=== Section Start ===

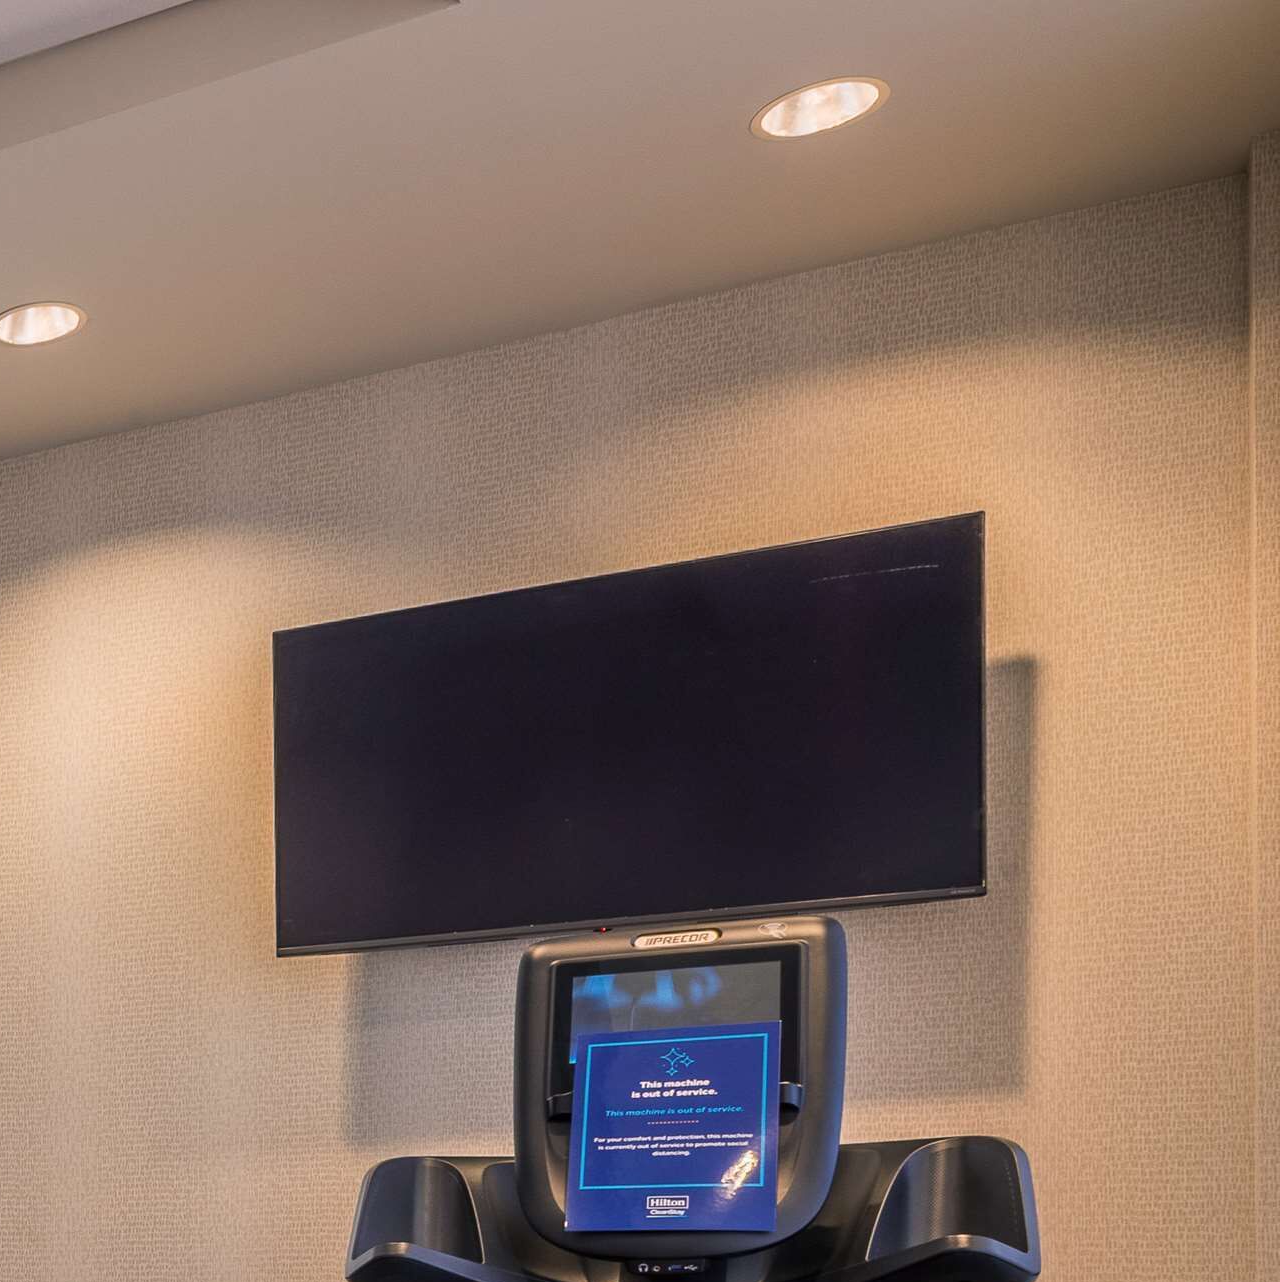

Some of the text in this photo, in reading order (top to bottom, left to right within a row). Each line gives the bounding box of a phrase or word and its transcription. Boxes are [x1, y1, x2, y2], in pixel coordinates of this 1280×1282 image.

[652, 932, 710, 945] PRECOR
[640, 1079, 710, 1089] This machine
[631, 1087, 718, 1099] is out of service.
[605, 1105, 744, 1118] This machine is out of service.
[650, 1199, 685, 1207] Hilton
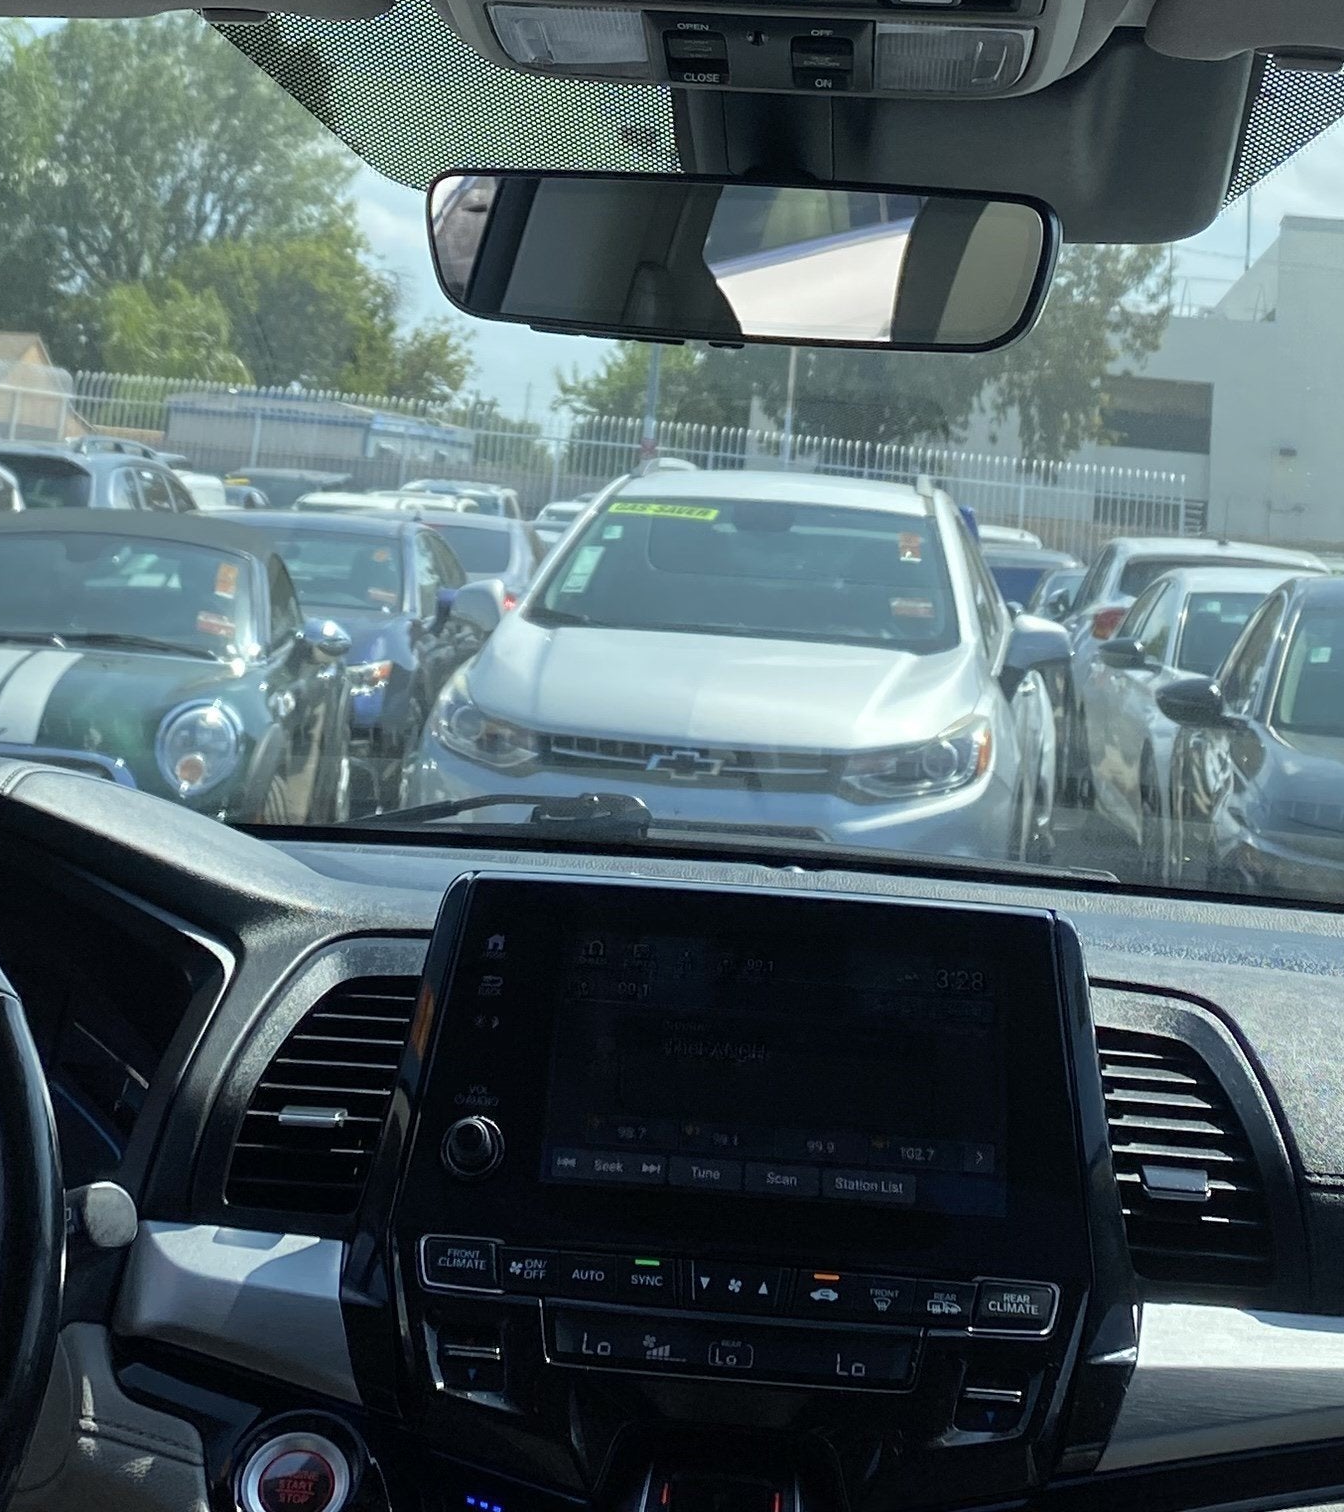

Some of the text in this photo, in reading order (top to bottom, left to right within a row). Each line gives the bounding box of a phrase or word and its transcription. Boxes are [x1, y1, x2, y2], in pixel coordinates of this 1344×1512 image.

[676, 22, 710, 31] OPEN
[810, 29, 834, 37] OFF
[683, 72, 721, 84] CLOSE
[814, 78, 833, 89] ON
[934, 969, 985, 992] 3:28
[690, 1165, 721, 1181] Tune
[765, 1171, 798, 1187] Scan
[834, 1176, 905, 1195] Station List
[446, 1248, 481, 1259] FRONT
[437, 1257, 487, 1271] CLIMATE
[522, 1269, 547, 1281] OFF
[571, 1268, 606, 1283] AUTO
[630, 1273, 665, 1288] SYNC
[868, 1286, 900, 1298] FRONT
[932, 1291, 957, 1301] REAR
[1001, 1292, 1031, 1304] REAR
[987, 1300, 1040, 1316] CLIMATE
[581, 1331, 612, 1357] Lo
[835, 1351, 866, 1377] Lo
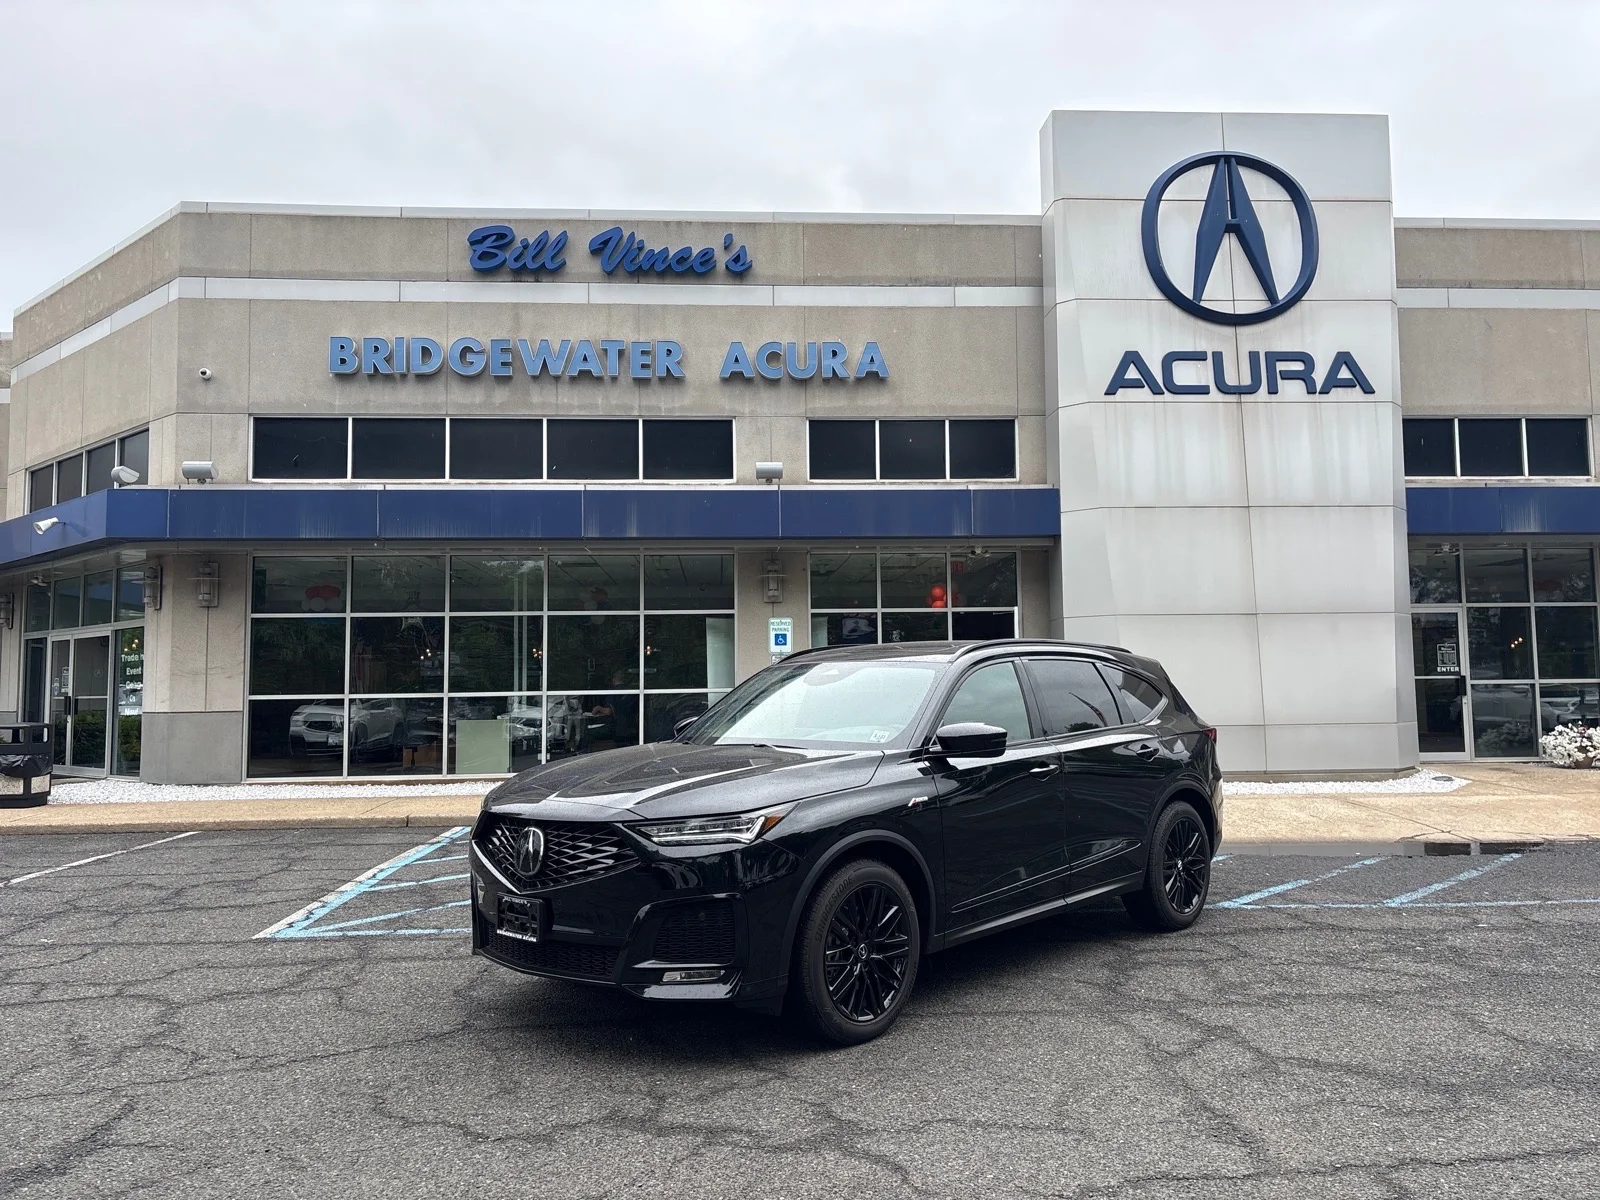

=== Section End ===

* **Your assignment**:
If a record contains a picture, omit the picture and repeat everything else exactly.

* **Answer box**:
Some of the text in this photo, in reading order (top to bottom, left to right within a row). Each line gives the bounding box of a phrase or word and its transcription. Boxes are [x1, y1, x2, y2], in pixel coordinates of this 1280×1282 image.

[652, 932, 710, 945] PRECOR
[640, 1079, 710, 1089] This machine
[631, 1087, 718, 1099] is out of service.
[605, 1105, 744, 1118] This machine is out of service.
[650, 1199, 685, 1207] Hilton

Some of the text in this photo, in reading order (top to bottom, left to right within a row). Each line gives the bounding box of a phrase or word and its transcription. Boxes are [x1, y1, x2, y2], in pixel coordinates of this 1344×1512 image.

[676, 22, 710, 31] OPEN
[810, 29, 834, 37] OFF
[683, 72, 721, 84] CLOSE
[814, 78, 833, 89] ON
[934, 969, 985, 992] 3:28
[690, 1165, 721, 1181] Tune
[765, 1171, 798, 1187] Scan
[834, 1176, 905, 1195] Station List
[446, 1248, 481, 1259] FRONT
[437, 1257, 487, 1271] CLIMATE
[522, 1269, 547, 1281] OFF
[571, 1268, 606, 1283] AUTO
[630, 1273, 665, 1288] SYNC
[868, 1286, 900, 1298] FRONT
[932, 1291, 957, 1301] REAR
[1001, 1292, 1031, 1304] REAR
[987, 1300, 1040, 1316] CLIMATE
[581, 1331, 612, 1357] Lo
[835, 1351, 866, 1377] Lo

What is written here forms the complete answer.